▶ Exercise brief: Quote every line below exactly and skip any picture.
---- Extracted material
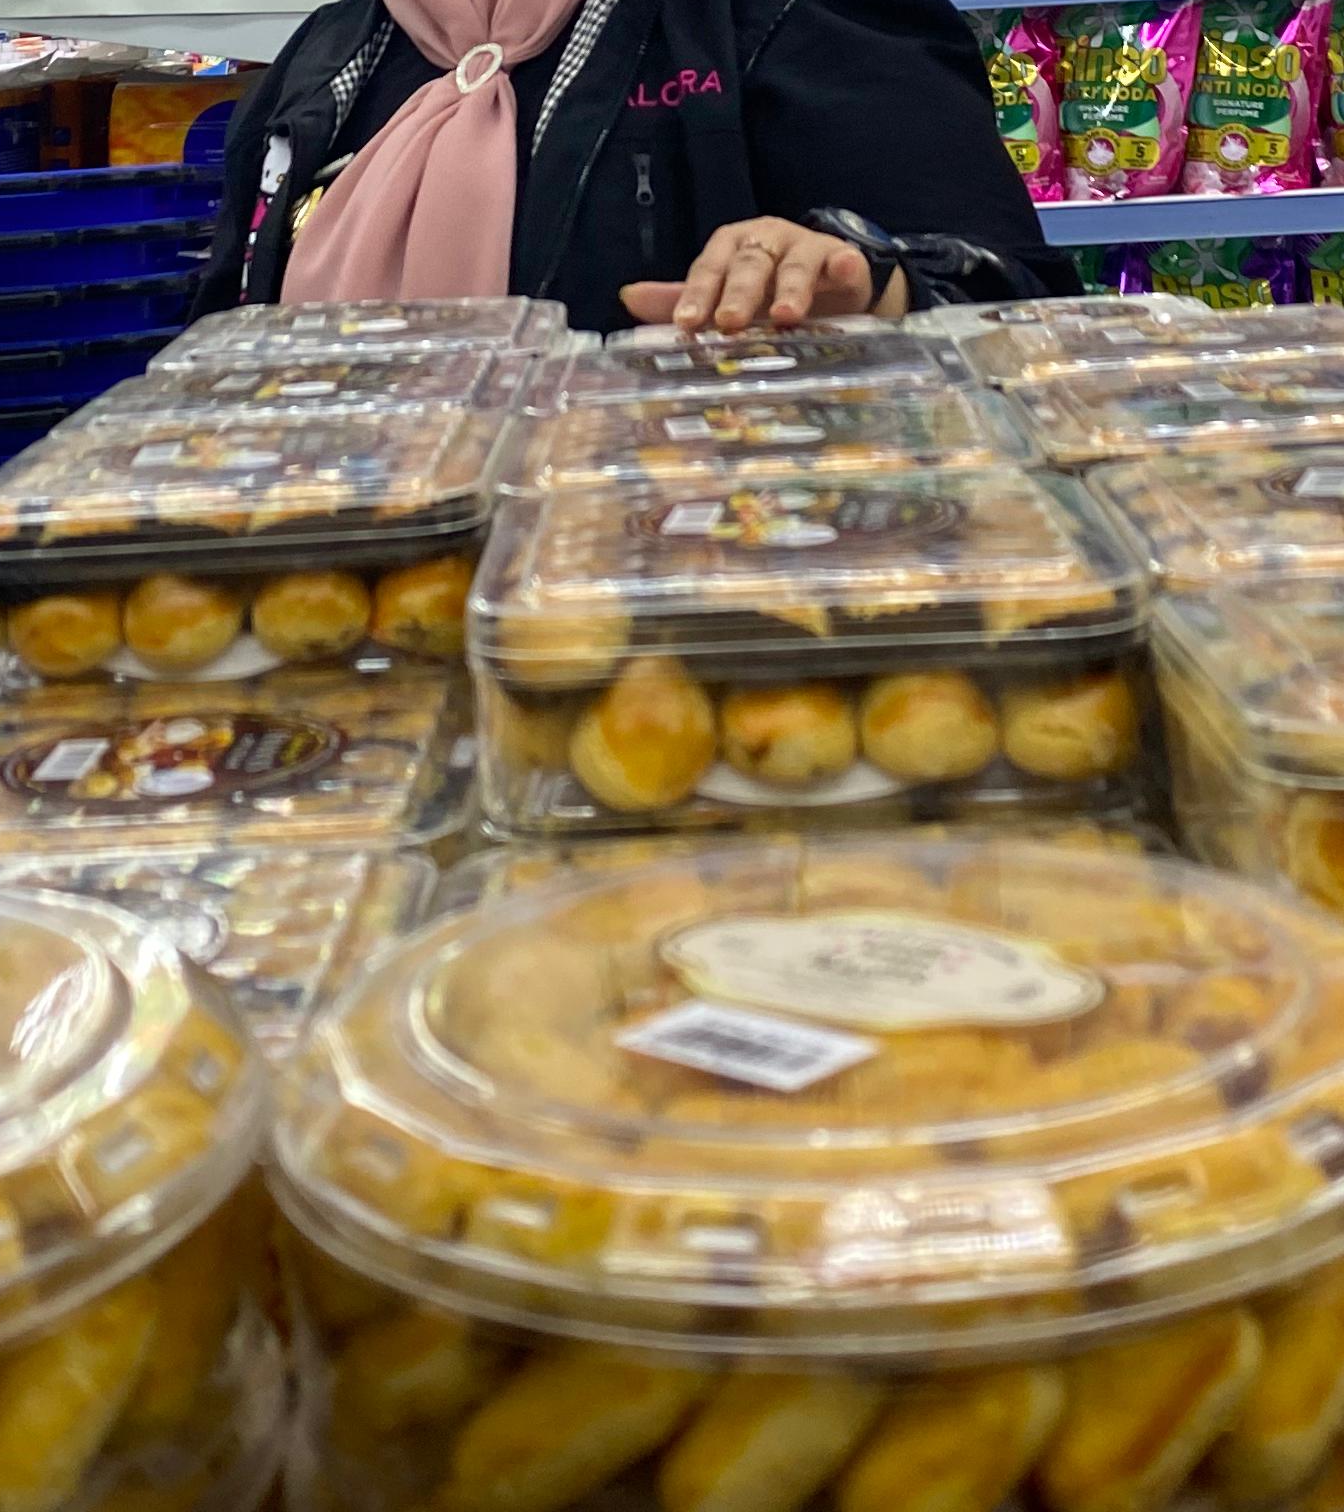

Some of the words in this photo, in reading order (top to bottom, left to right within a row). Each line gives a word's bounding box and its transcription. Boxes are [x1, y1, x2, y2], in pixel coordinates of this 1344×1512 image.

[1105, 87, 1158, 102] NODA
[1236, 83, 1290, 99] NODA
[1213, 99, 1264, 110] SIGNATURE
[1215, 108, 1260, 119] PERFUME
[1135, 145, 1145, 159] 5
[1268, 143, 1278, 155] 5
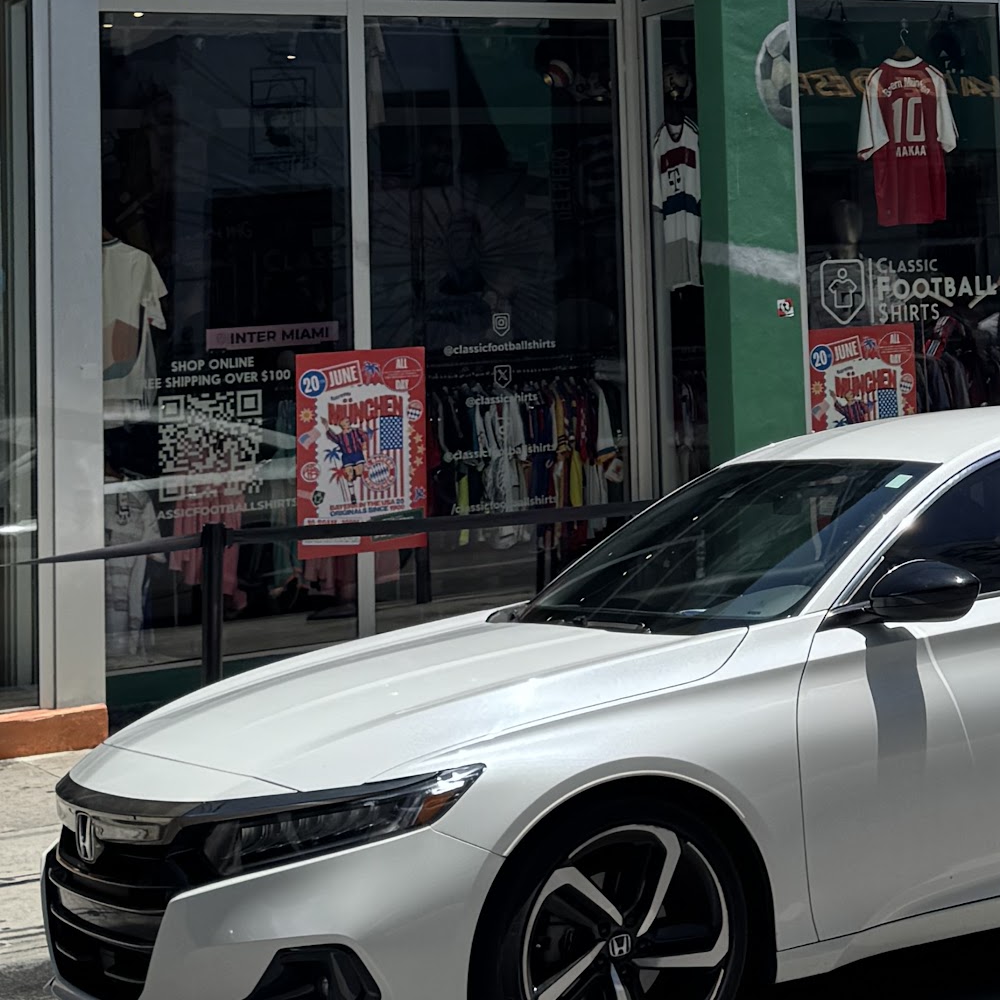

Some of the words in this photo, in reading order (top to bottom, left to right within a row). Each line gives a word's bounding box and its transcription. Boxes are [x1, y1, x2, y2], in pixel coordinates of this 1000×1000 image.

[892, 97, 926, 143] 10
[876, 257, 938, 274] CLASSIC
[876, 275, 998, 301] FOOTBALL
[878, 303, 940, 324] SHIRTS
[230, 331, 277, 345] INTER
[281, 327, 329, 342] MIAMI
[443, 339, 556, 357] @classicfootballshirts
[812, 349, 828, 368] 20
[833, 340, 860, 361] JUNE
[171, 359, 205, 373] SHOP
[208, 356, 255, 371] ONLINE
[142, 377, 162, 390] REE
[165, 374, 222, 389] SHIPPING
[224, 371, 259, 385] OVER
[261, 369, 291, 383] $100
[302, 375, 320, 395] 20
[328, 365, 360, 388] JUNE
[327, 393, 404, 426] MÜNCHEN
[465, 392, 538, 408] @classichirts
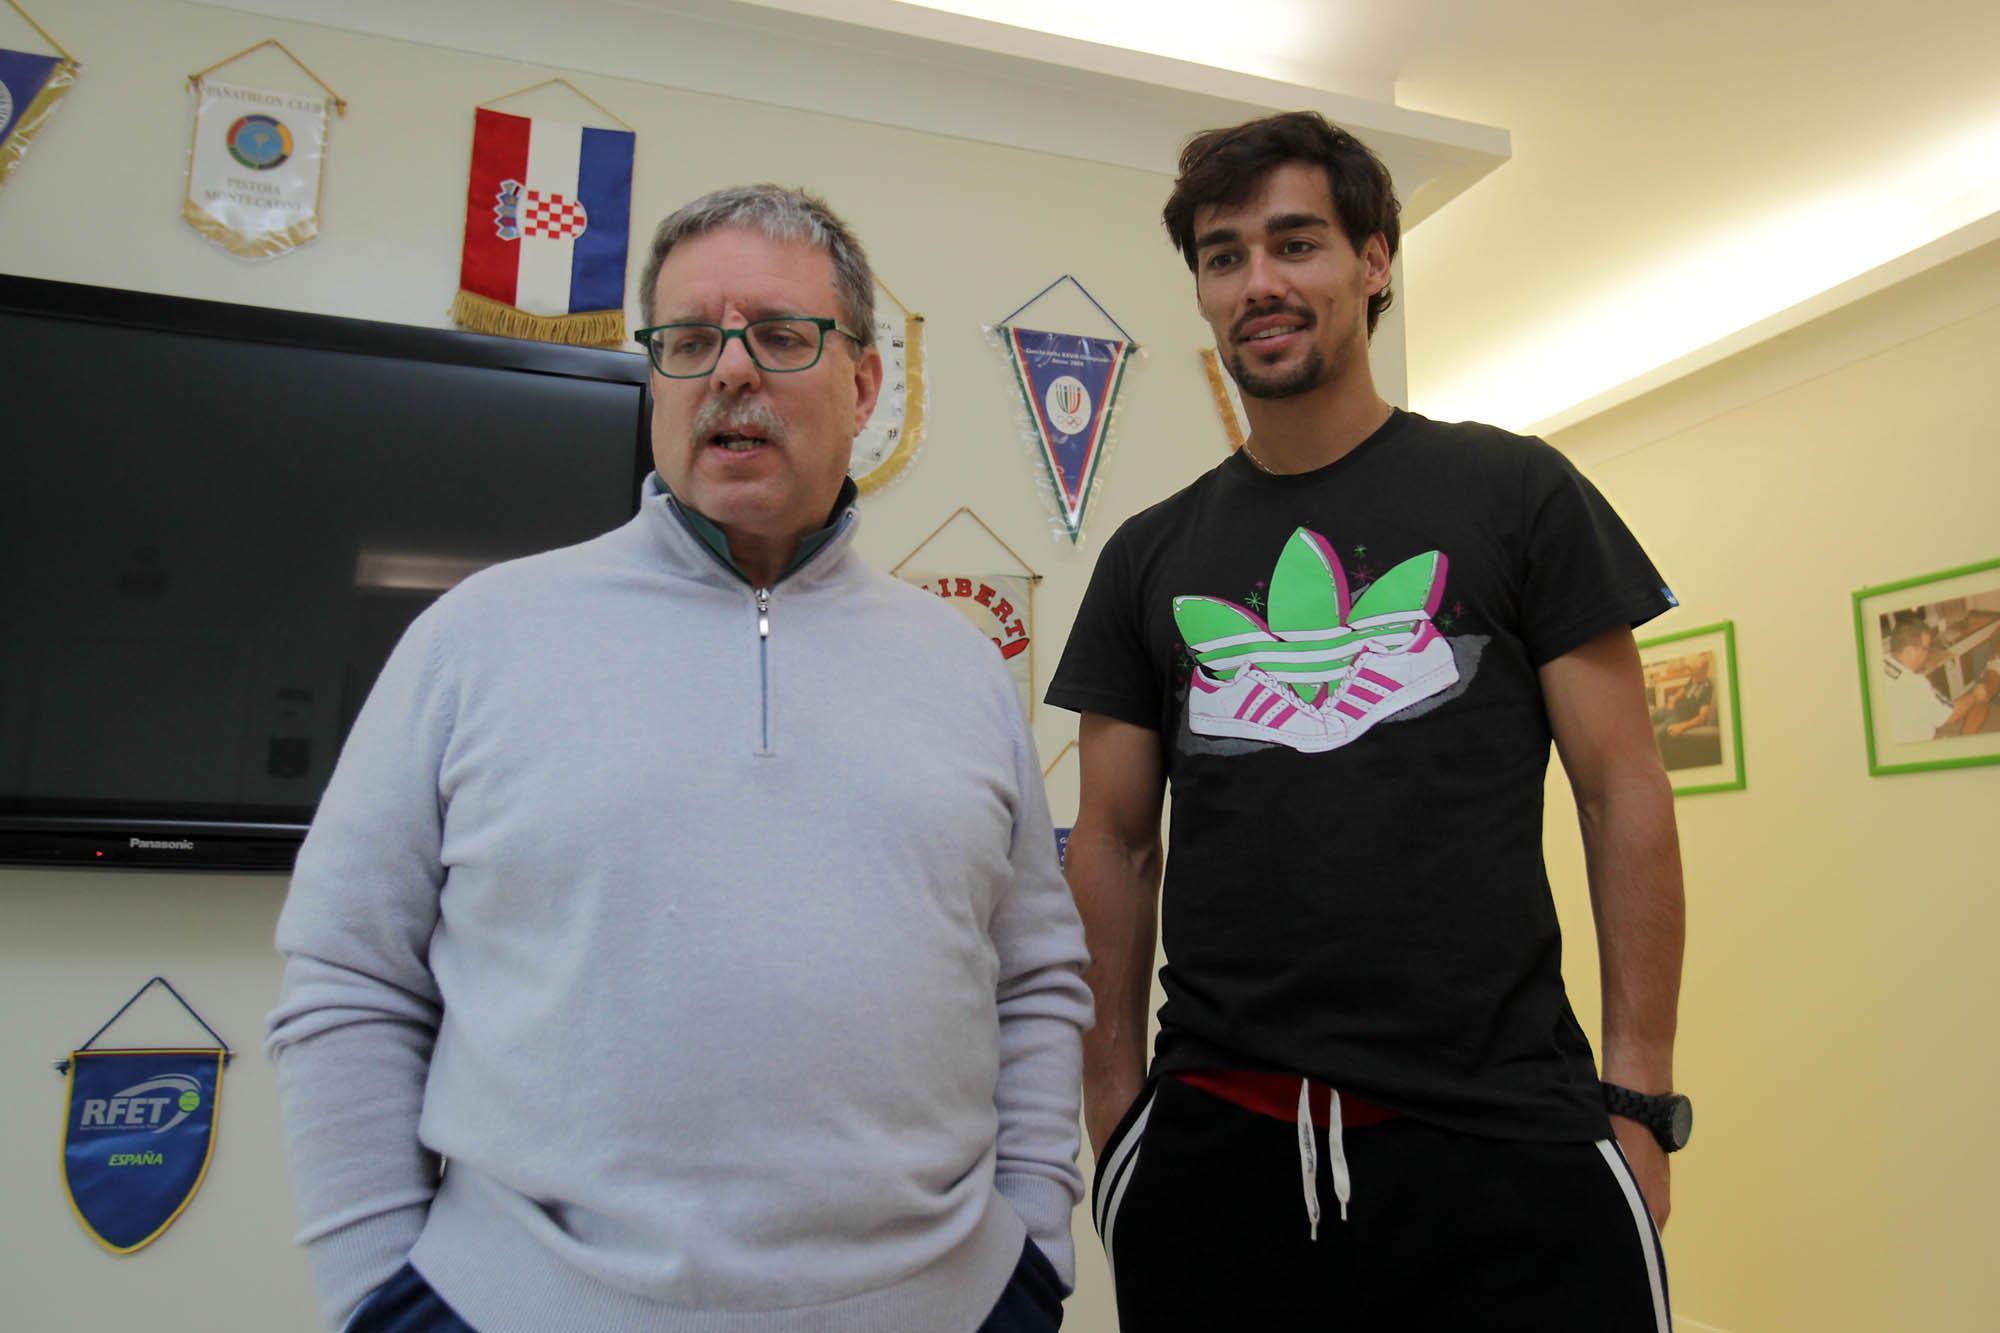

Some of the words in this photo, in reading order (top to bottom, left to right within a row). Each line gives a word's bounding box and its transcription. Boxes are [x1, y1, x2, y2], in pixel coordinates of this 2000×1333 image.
--------
▶ Answer space:
Some of the words in this photo, in reading order (top to bottom, left to right within a row). Each line gives a word's bounding box and its transcription. Boxes are [x1, y1, x2, y2], in pixel coordinates of this 1344×1512 image.

[1105, 87, 1158, 102] NODA
[1236, 83, 1290, 99] NODA
[1213, 99, 1264, 110] SIGNATURE
[1215, 108, 1260, 119] PERFUME
[1135, 145, 1145, 159] 5
[1268, 143, 1278, 155] 5

Some of the words in this photo, in reading order (top to bottom, left to right within a row). Each line gives a word's bounding box and its transcription. Boxes are [x1, y1, x2, y2], in pixel coordinates of this 1000×1000 image.

[892, 97, 926, 143] 10
[876, 257, 938, 274] CLASSIC
[876, 275, 998, 301] FOOTBALL
[878, 303, 940, 324] SHIRTS
[230, 331, 277, 345] INTER
[281, 327, 329, 342] MIAMI
[443, 339, 556, 357] @classicfootballshirts
[812, 349, 828, 368] 20
[833, 340, 860, 361] JUNE
[171, 359, 205, 373] SHOP
[208, 356, 255, 371] ONLINE
[142, 377, 162, 390] REE
[165, 374, 222, 389] SHIPPING
[224, 371, 259, 385] OVER
[261, 369, 291, 383] $100
[302, 375, 320, 395] 20
[328, 365, 360, 388] JUNE
[327, 393, 404, 426] MÜNCHEN
[465, 392, 538, 408] @classichirts

Some of the words in this photo, in reading order (top to bottom, left to right within a row). Each line gives a word's bounding box and its transcription. Boxes are [x1, y1, x2, y2], in pixel coordinates of this 2000×1333 image.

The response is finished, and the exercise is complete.